Today was a grand day with a Coastal Quilters meeting after dropping our younger son off for his first 5K run.  The run is a fundraiser for the High School (graduating class maybe?), and coincides with Homecoming, and is open to adults, teens and middle school kids.  Eli’s Cross County coach, Jim Morse and one of the coolest teachers EVER on the planet let alone here in Camden, ran, as did Eli, his best friend since first grade B. W., and the top girl on their team J.R., also in 8th grade.  Well… just before the meeting began I got a call from the hubster with the results:  Mr. Morse won by a goodly margin.  Two college kids came in 2nd and 3rd.  Eli and B.W. came in 4th and 5th, respectively, and J.R. was the fastest female and in the top 10!  WOW!

Since Paul and Eli were at the high school watching games, etc., I decided to putter in town and have lunch (a rare treat!) at my favorite eatery, Marriner’s Grill.  I got a small table on the deck overlooking the harbor:

Camden Harbor from my seat on the deck at Marriner's Grill, my favorite diner

While waiting, I continued this wonderful book I’m reading called True to Life:  Twenty five eyars of conversations with David Hockney, by art critic (and really insightful writer) Lawrence Weschler.

A fascinating read, besides which Hockney is pretty cool and interesting

Given that I’ve put on a few pounds this past summer, the choice of BLT (Bacon Lettuce and Tomato for those not in the U.S.) and fries with diet cola was not exactly smart, but it sure tasted good!  Deborah…lookit!  I actually took a picture of my food before I snarfed it down!

A good meal: diet drink, fattening and tasty food, and a good book!

After that I went home, walked the doggie for 2 miles, then sat to start this week’s lesson.  An online class at Joggles.com, Sketching and Watercolors in a Mixed Media Journal with Jane LaFazio   began this week.  I know I’ve been promising what I did in the last class with her, and I will post, but decided I’d actually try posting what I’m doing NOW (and not months ago) when I can.  The hope is that I will make this journaling thing a habit AND improve my drawing skills.  The first lesson was to sketch an everyday object,  using a Tombow pen (a water-soluble ink… draw in pen, then use a wet brush to spread the ink to create light and shadow).  I decided that my laptop is definitely an everyday object, and since it is a Mac and Steve Jobs died this week and I love the quote I used, I’d sketch that:

R.I.P. Mr.
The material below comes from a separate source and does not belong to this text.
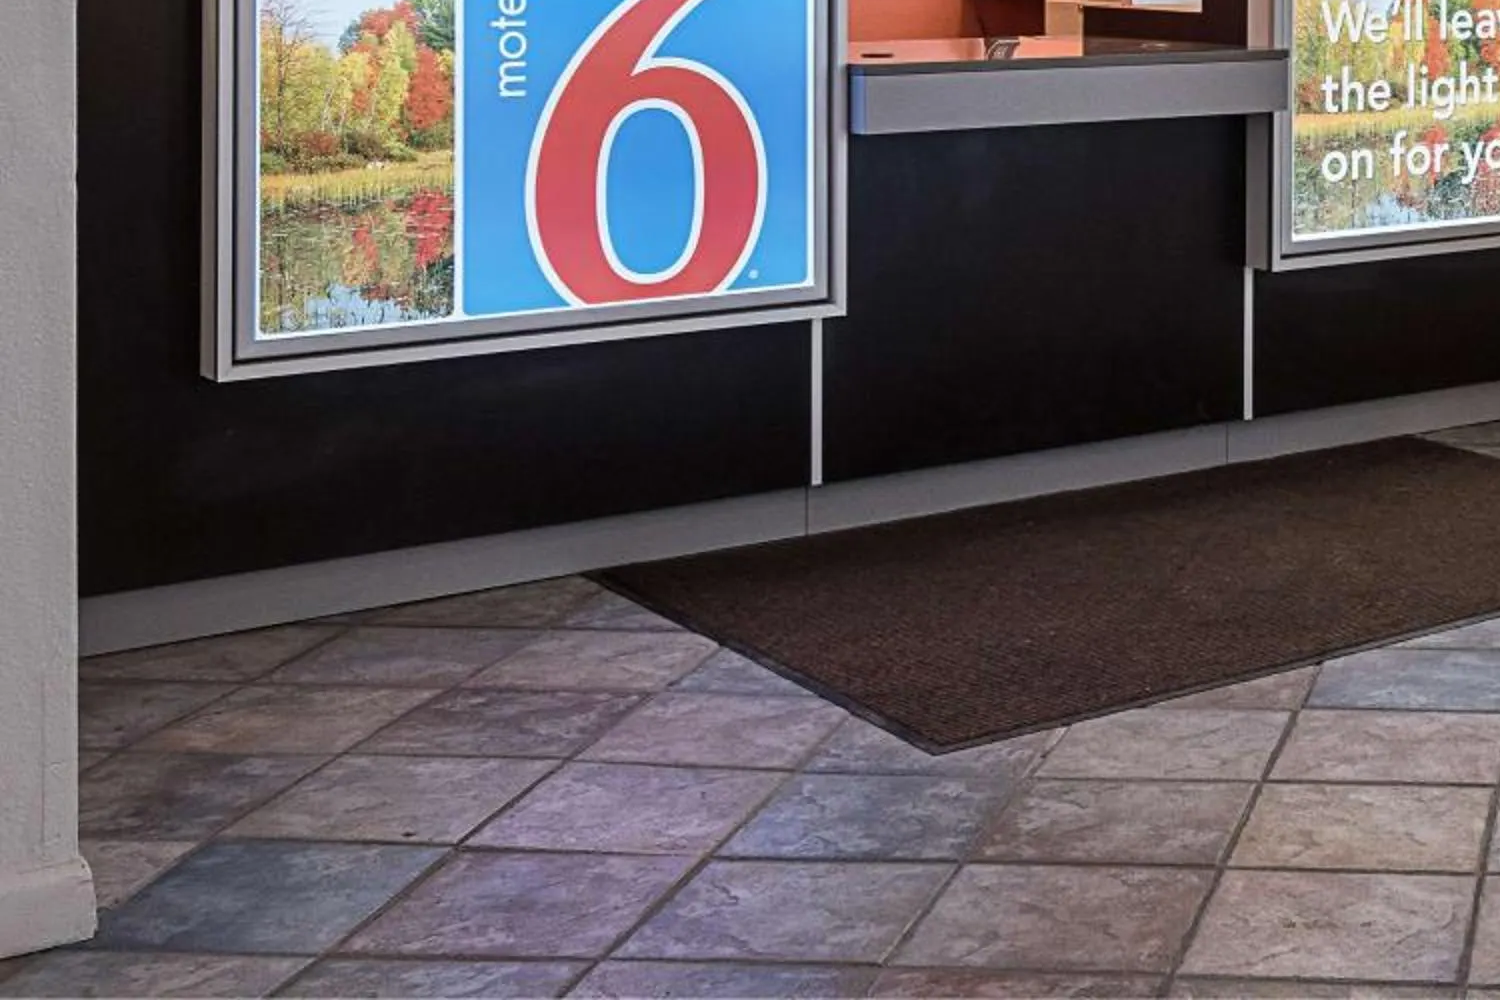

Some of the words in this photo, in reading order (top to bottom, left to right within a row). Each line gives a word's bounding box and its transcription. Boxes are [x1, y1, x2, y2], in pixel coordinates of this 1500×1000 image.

Jobs. Thank you for changing our world.

Well…. I discovered that it is challenging to deal with a LOT of flat surfaces, omitting excess detail, and still find some shading.  Especially when the laptop and screen are mostly shades of gray, making the diffused shadows even more difficult.  I’ll try another, more textured something later, but for now…first the outlined-in-permanent pen version:

Used pencil to get the proportions and lines mostly right, then inked with a Pitt permanent pen, then erased the pencil

Next I added the gray (dark) Tombow and washed with water ….   I am not certain that we were supposed to use the permanent pen for this lesson, but I wanted to include some text and for the outlines to not blur, so I decided I would anyway.

The page with a quote from Steve Jobs, showing the Apple home page

And the sketch and laptop:

I simplified some, omitting some desktop icons and extra open windows.

All in all a wonderful day.  And since it is almost suppertime, I guess I’d better get off the computer (thank you Apple for making a great system!) and go think about dinner.  Maybe.  Pass me a white zin, first, please!

First Frost

Thursday, October 6th, 2011

Snapped this with my phone on morning dog-walkies–our first frost.  It was 35 when we got up this morning…and it is supposed to be colder tonight.  Then (go figger!) up to low 70s over the weekend!